The LSHTM AMR Centre is already nearing its third birthday – and aging well, we hope! – which gives us a chance to reflect on progress to date and to consider next steps. From the start, the AMR Centre has taken an interdisciplinary approach, hosting and collaborating with initiatives that bring together lab scientists, medical and veterinary specialists, social scientists, public health historians, statisticians and modellers, health economists, students, and many others.

This three-year mark is also an opportunity to pass the baton for some of the Centre’s management team positions, which are volunteer posts typically held for three-year terms. Would you like to get more engaged with AMR-related activities at LSHTM and elsewhere? Do you have some fresh ideas for the Centre’s direction and influence?

LSHTM academic staff are welcome to express interest in leading one of the “disciplinary pillars”: Biological & Pharmacological Sciences, Clinical & Veterinary Sciences, Humanities & Environmental Sciences, or Epidemiology & Modelling. The fifth pillar, Economic, Social & Political Sciences, is newly headed by Dr Rebecca Glover who will hold the position through 2021. Expressions of interest are welcome on a rolling basis throughout 2019, and may be made in person to the Centre co-directors or a current pillar lead, or by email to amr@lshtm.ac.uk.
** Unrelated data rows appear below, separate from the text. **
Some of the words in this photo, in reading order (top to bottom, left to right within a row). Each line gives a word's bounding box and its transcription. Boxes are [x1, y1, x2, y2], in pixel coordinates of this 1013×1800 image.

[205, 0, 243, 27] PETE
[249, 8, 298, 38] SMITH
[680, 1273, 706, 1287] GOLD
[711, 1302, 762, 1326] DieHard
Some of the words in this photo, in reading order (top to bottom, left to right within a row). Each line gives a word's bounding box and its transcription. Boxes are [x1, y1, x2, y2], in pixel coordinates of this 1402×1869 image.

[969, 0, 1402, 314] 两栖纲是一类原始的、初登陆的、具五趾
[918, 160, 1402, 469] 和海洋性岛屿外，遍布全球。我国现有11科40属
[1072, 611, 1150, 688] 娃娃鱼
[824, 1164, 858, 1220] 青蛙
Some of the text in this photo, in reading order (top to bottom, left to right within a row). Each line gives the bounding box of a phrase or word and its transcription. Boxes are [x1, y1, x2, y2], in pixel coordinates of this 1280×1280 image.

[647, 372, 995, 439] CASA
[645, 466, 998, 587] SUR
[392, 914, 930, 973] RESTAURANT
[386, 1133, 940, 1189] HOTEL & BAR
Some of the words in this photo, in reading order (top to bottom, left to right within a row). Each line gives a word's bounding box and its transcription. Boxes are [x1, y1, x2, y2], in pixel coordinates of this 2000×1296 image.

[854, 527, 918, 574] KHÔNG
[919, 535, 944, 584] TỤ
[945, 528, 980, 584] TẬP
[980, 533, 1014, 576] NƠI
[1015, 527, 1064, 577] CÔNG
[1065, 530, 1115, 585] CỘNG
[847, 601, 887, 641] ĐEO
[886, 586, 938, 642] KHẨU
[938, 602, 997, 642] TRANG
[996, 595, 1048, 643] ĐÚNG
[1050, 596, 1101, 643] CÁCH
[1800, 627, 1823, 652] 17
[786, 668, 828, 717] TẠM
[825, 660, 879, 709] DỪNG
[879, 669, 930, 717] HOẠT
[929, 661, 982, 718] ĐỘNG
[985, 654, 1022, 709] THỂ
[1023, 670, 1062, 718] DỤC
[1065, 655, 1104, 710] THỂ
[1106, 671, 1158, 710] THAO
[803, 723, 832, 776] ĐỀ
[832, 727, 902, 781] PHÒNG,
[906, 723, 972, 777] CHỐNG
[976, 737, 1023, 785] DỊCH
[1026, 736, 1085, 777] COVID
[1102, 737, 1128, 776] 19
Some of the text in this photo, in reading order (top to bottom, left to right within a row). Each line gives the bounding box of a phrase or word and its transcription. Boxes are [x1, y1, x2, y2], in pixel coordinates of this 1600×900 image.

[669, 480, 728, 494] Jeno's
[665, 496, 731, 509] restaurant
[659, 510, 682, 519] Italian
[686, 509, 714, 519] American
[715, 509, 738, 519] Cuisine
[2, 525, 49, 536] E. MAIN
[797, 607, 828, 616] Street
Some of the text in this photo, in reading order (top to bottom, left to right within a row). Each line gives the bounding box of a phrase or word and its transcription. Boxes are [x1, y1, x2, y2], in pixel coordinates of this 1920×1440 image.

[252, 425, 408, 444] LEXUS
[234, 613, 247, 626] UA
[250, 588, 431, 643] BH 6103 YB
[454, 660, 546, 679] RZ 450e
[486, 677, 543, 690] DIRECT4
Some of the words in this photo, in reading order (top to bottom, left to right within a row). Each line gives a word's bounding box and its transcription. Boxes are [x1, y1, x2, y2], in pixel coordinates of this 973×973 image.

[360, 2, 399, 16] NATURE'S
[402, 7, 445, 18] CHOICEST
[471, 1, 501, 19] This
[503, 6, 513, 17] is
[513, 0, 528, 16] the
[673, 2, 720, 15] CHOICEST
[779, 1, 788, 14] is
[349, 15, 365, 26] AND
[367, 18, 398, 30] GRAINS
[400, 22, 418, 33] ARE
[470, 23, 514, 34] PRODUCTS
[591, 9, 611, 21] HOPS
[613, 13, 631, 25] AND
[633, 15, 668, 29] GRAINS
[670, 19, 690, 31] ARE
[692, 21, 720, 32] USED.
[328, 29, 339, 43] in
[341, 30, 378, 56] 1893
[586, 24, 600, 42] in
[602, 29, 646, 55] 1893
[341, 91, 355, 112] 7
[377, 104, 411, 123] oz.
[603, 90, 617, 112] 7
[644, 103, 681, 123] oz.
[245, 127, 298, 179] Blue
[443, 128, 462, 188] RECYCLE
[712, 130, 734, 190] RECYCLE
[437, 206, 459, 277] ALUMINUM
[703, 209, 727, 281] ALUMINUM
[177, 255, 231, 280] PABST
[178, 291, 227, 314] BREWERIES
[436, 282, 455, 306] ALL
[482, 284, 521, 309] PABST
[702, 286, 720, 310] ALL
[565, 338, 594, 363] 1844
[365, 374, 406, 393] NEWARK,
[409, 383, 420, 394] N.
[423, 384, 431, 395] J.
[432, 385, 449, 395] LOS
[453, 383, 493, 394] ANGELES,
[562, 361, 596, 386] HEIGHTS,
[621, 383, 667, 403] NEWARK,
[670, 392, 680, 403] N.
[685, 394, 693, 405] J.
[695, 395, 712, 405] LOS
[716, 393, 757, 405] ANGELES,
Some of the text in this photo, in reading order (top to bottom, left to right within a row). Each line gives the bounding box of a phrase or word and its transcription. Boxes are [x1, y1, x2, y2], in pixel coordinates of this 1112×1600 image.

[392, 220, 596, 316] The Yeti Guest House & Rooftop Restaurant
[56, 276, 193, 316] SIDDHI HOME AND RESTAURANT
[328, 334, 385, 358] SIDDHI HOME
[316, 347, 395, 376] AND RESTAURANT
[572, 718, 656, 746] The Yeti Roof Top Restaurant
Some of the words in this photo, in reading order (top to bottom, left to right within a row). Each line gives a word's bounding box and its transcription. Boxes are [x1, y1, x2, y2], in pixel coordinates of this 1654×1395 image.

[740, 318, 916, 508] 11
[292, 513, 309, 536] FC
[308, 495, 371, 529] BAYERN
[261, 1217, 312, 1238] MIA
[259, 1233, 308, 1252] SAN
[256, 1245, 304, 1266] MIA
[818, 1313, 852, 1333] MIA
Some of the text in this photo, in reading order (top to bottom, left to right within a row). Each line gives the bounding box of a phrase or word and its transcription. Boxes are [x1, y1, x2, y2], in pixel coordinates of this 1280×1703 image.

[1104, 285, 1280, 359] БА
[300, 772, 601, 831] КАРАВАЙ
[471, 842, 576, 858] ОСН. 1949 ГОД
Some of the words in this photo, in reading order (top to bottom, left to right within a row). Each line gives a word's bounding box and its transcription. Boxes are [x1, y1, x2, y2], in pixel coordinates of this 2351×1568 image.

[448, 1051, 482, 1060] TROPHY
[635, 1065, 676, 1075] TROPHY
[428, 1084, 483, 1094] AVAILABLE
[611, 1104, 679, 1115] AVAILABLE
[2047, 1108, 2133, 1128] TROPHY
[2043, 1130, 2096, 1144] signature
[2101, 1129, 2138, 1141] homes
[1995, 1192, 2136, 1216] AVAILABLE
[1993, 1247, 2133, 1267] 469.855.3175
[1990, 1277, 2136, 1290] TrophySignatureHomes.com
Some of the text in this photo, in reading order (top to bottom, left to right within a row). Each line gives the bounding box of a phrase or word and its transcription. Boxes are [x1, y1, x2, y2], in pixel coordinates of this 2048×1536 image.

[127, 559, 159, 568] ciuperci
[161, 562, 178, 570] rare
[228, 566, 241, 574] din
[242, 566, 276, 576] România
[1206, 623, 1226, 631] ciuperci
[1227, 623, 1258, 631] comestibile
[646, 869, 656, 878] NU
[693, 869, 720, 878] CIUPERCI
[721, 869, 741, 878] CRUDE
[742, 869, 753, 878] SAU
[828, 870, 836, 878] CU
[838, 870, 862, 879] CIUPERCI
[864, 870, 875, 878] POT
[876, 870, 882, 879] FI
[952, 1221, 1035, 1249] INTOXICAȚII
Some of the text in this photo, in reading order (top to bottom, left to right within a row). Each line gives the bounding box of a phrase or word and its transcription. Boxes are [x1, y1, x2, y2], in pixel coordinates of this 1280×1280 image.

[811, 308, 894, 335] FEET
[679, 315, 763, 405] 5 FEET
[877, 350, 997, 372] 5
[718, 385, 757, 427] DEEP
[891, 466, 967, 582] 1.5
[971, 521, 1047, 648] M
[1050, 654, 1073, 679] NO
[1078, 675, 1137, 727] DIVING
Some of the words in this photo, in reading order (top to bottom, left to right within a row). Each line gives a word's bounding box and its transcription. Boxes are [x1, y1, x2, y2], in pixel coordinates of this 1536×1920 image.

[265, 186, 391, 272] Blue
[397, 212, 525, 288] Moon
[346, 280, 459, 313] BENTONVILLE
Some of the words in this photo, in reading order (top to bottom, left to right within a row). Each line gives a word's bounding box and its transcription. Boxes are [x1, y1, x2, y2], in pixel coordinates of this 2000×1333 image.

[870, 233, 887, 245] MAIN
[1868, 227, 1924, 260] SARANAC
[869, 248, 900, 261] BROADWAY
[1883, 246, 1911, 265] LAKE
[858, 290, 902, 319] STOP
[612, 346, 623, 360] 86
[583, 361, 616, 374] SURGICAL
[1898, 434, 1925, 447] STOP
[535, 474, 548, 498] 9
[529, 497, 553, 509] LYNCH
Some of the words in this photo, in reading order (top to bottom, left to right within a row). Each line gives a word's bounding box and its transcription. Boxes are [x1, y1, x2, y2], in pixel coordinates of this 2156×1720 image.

Some notes from the current pillar leads, to give a flavour of what's involved: 

  • Dr John Manton, head of Humanities & Environmental Sciences, helped to produce the WASH and AMR roundtable hosted in July 2017, and as of 2019 is welcoming two doctoral students to LSHTM to focus on historical dimensions of AMR, which will benefit this pillar for years to come. John says: “Coming together as a management group to see how a health problem can be tackled from all sides has been really eye-opening for someone who's used to reporting on disasters that are done and dusted (aka history). … the insights into how we can work in an interdisciplinary fashion – in terms of both pragmatic and intellectual inputs – has been a key positive.”
     
  • Dr Sam Willcocks, head of Biological & Pharmacological Sciences, values the routine interactions with fellow AMR enthusiasts and experts in different disciplines both during management meetings and Centre seminars and events. Sam says: “…it has been great to represent LSHTM and contribute to everything from Longitude Prize and Science Museum events to [the Microbiome Goes Mainstream event], to Living Library events to showcase our work directly to the public, interacting with members of the WHO and the Hong Kong Health Ministry, to helping establish the AMR short course. The rotating newsletter is a nice way to shine a light on topics that are especially pertinent to your discipline while reaching a broad audience. I am convinced the work of the AMR Centre has been behind the huge interest every year from students wanting to work on AMR projects, especially in the biological sciences pillar.”
     
  • Dr Rebecca Glover, new head of Economic, Social & Political Sciences, can already speak to some the advantages of her role; she appreciates “having a ready-made excuse to keep on top of the AMR literature for newsletter writing. Also, getting to know more about the rich and varied work that colleagues at the school are conducting, and having the chance to meet AMR researchers from across different faculties.”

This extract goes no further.